Scandinavian airline SAS on Tuesday announced plans to lay off up to 40 percent of its workforce in Sweden, Denmark and Norway.
SAS said it would “initiate processes to reduce the size of its future workforce by up to 5,000 full-time positions”, as it anticipated it would take years before demand returns to pre-coronavirus levels.
The airline, which furloughed around 90 percent of its staff in mid-March, said the potential layoffs would affect up to 1,900 full-time positions in Sweden, 1,300 in Norway and 1,700 in Denmark. It said it would negotiate solutions with unions and stakeholders in the hope of reducing the number of actual layoffs.
“The workforce in SAS has notice periods with a mean of six months. The uncertainty regarding demand and the time it takes to adapt the organisation means that SAS must act proactively. This gives SAS the flexibility to ramp up the business quickly if demand returns, but also to take further actions if recovery takes longer than currently envisaged,” it said in a statement on Tuesday morning.
“Given the current [travel] restrictions, SAS expects limited activity in the important summer season. In addition, it will most likely take some years before demand returns to the levels seen before Covid-19.”
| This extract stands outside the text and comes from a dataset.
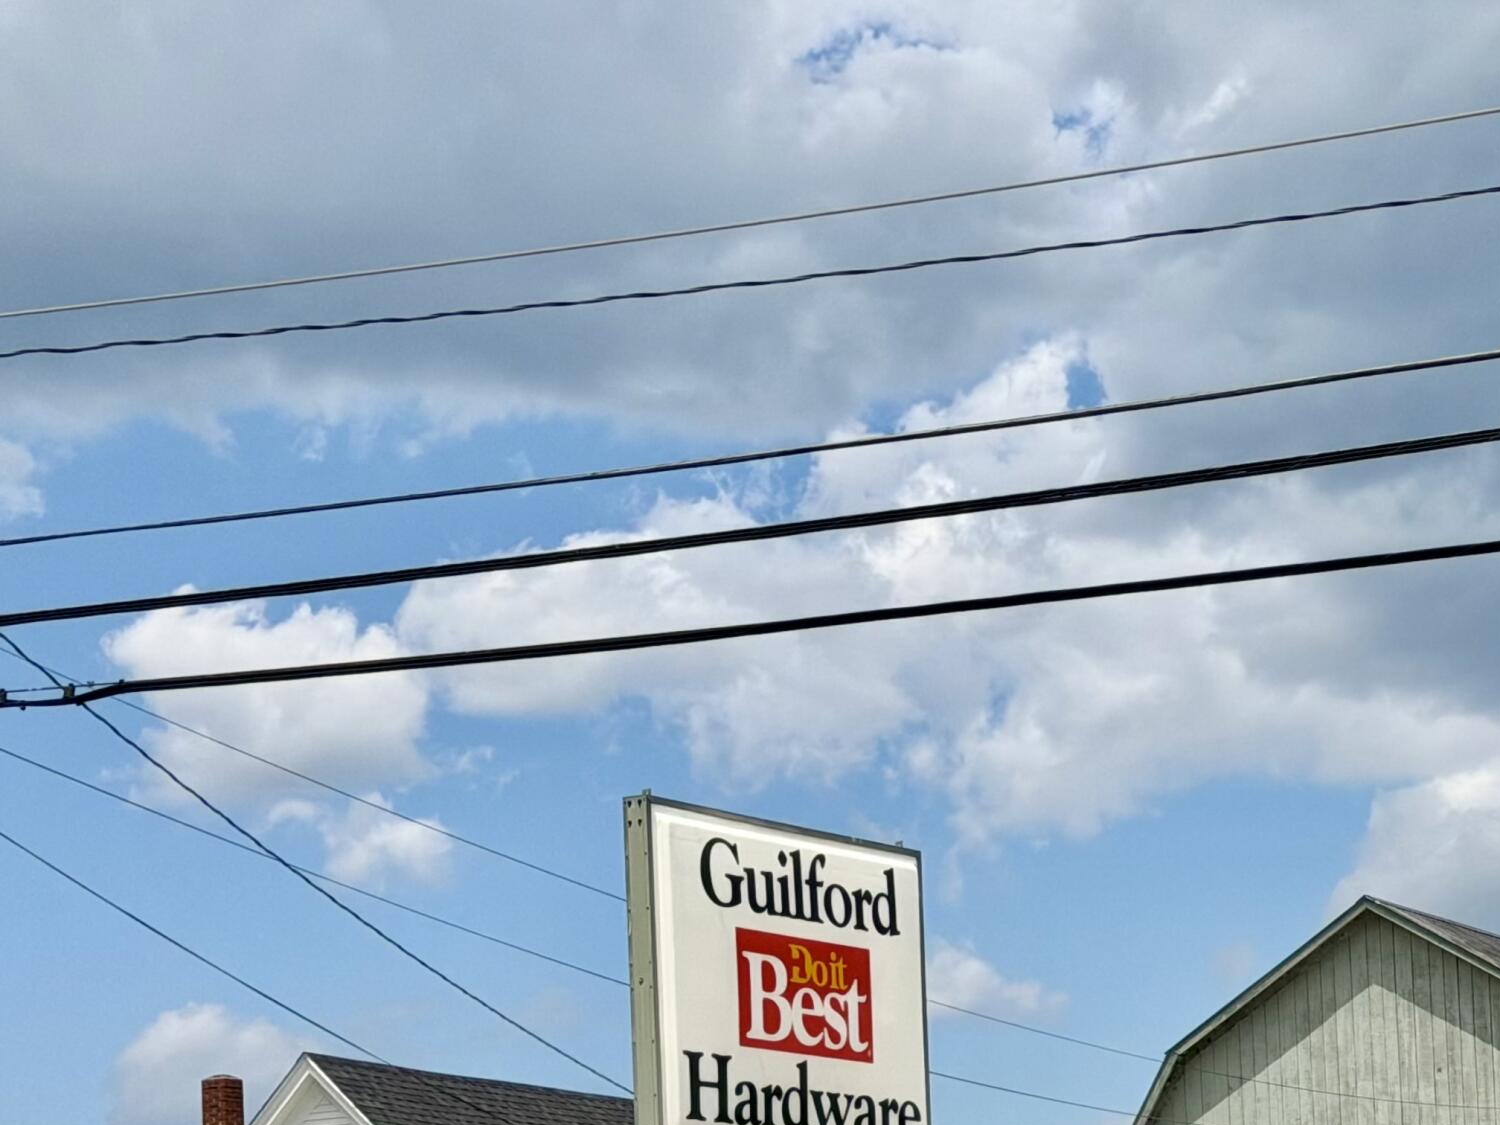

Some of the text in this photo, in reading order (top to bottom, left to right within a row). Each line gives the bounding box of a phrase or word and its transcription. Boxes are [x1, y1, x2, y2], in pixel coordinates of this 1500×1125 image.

[700, 837, 900, 936] Guilford
[742, 950, 869, 1053] Best
[788, 944, 849, 990] Do it
SAS CEO Rickard Gustafson credited government help, such as for example Sweden’s state support for furloughing workers, with already having saved “thousands of jobs” in the company. But he said SAS needed to look to the future and prepare to adjust its workforce to reduced demand in the wake of the pandemic.
“Covid-19 has created a global crisis for society at large and for the airline industry in particular,” Gustafson told Swedish news agency TT.
Sweden and Denmark, SAS’ two largest shareholders, announced on March 17th they would provide more than 275 million euros in credit guarantees to protect SAS from the economic impact of the crisis.
The airline said on Tuesday it was currently operating only “a very limited domestic network in Norway and Sweden”.